Using metafounders in genetic evaluation
The plan to use data from all levels of production for the purpose of conducting combined purebred-crossbred genetic evaluation has opened opportunity for developing a combined and complete relationship for multiple pedigreed populations. Where pedigree is available like in the nucleus, each contributing breed has its own oldest animals, and they are assumed to be unrelated with the oldest animals from other purebred populations.
In this scenario, metafounders are used to create a relationship across all the oldest animals from different breeds, thus, linking the datasets from the various breeds together. Genomic information is used to estimate these relationships for commercial crossbred data and thus connect the metafounders and all data sources together.

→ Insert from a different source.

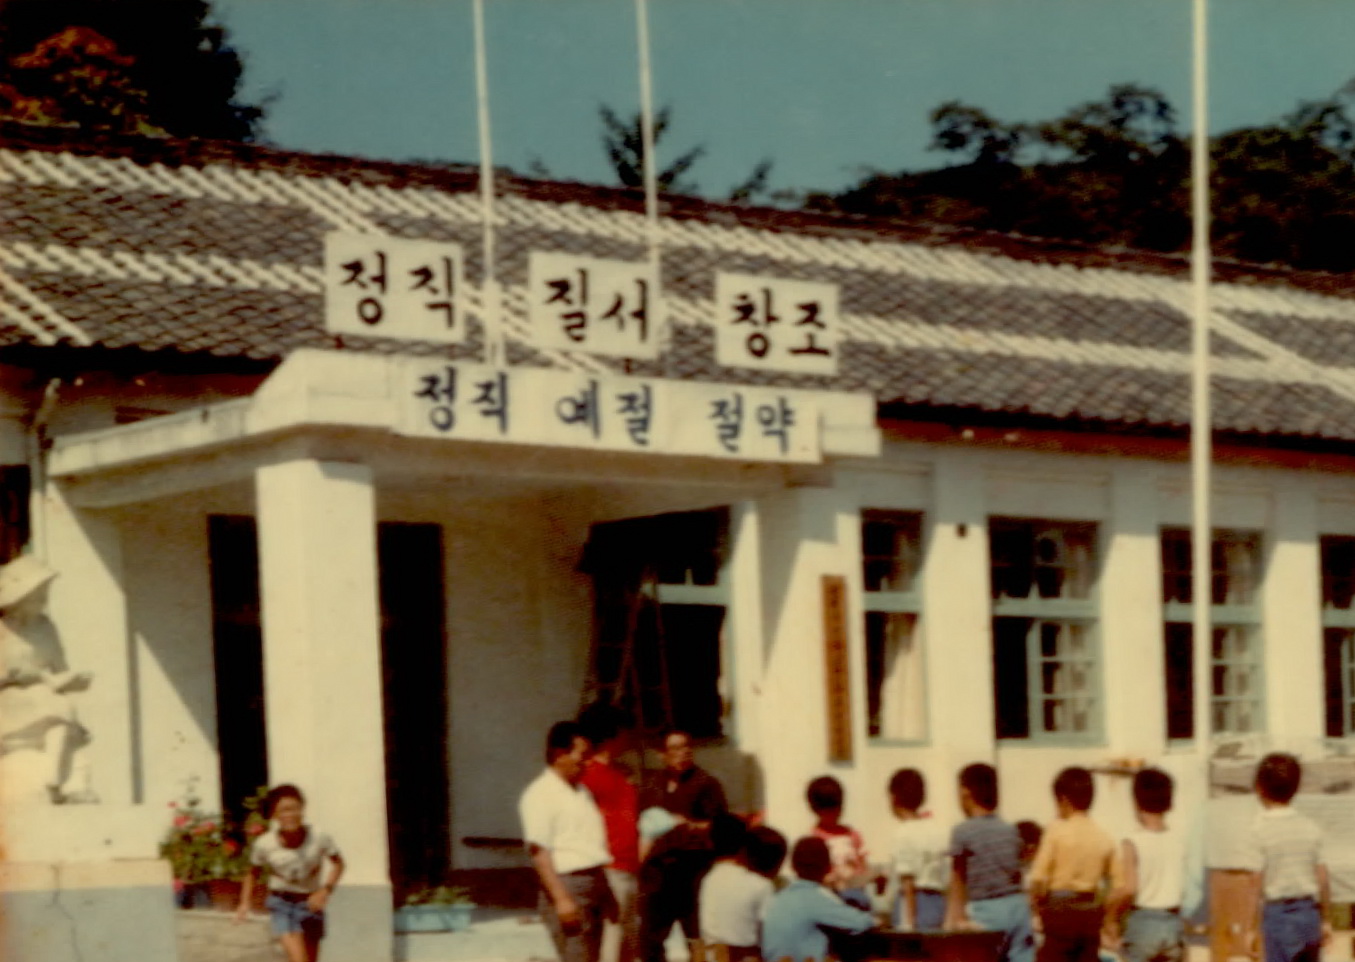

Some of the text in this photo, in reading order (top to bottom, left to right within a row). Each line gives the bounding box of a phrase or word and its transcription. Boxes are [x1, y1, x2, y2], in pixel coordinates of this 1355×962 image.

[339, 251, 832, 360] 정직 질서 창조
[413, 366, 795, 455] 정직 예절 절약

As an example, Table 1 shows the pedigree setup for 11 pigs drawn from all levels of production. Three metafounders each for Landrace (AF-L), Yorkshire (AF-Y) and Duroc (AF-D) were created to connect all three breeds. Individuals 1-6 represent the purebred founders for Landrace, Yorkshire and Duroc breeds and are assumed to originate from each of the three metafounders. Individuals 7-9 represents all purebred pigs born and raised in the nucleus. Individual 10 represent all maternal F1 crossbred pigs (L-Y) at the multiplier level while individual 11 represents the three-way terminal cross (D(L-Y)) at the commercial level.
Creating a complete pedigree in this way ensures that all data coming out of the various production systems are linked to one another and used for genetic evaluation purpose. The caveat with this effort is the extra cost associated with genotyping animals at all levels of production to be able to establish a good and complete relationship.
Impact of metafounders on breeding value prediction
Besides the obvious impact of performing genetic evaluation using a large dataset from all levels of the industry, early research results (Xiang et al. J Anim Sci. 2017 Apr;95(4):1472-1480. doi: 10.2527/jas.2016.1155; van Grevenhof et al. J. Anim. Sci. 2019.97:548–558, doi: 10.1093/jas/sky433) have shown:
Improved accuracy of breeding values and improvement in the rate of genetic gain.
Improvement in the ranking of selection candidates.
Decrease in inbreeding.
The Genesus Research and Development Team is continuously researching and reviewing the genetic evaluation system and presently acquiring genotypes and phenotypes from all levels of production to implement a genomic purebred-crossbred evaluation for all nucleus animals. This effort will ensure that Genesus Inc. continues to take a leadership position in improving the genetic merit of Genesus breeding stock to meet the needs of all customers.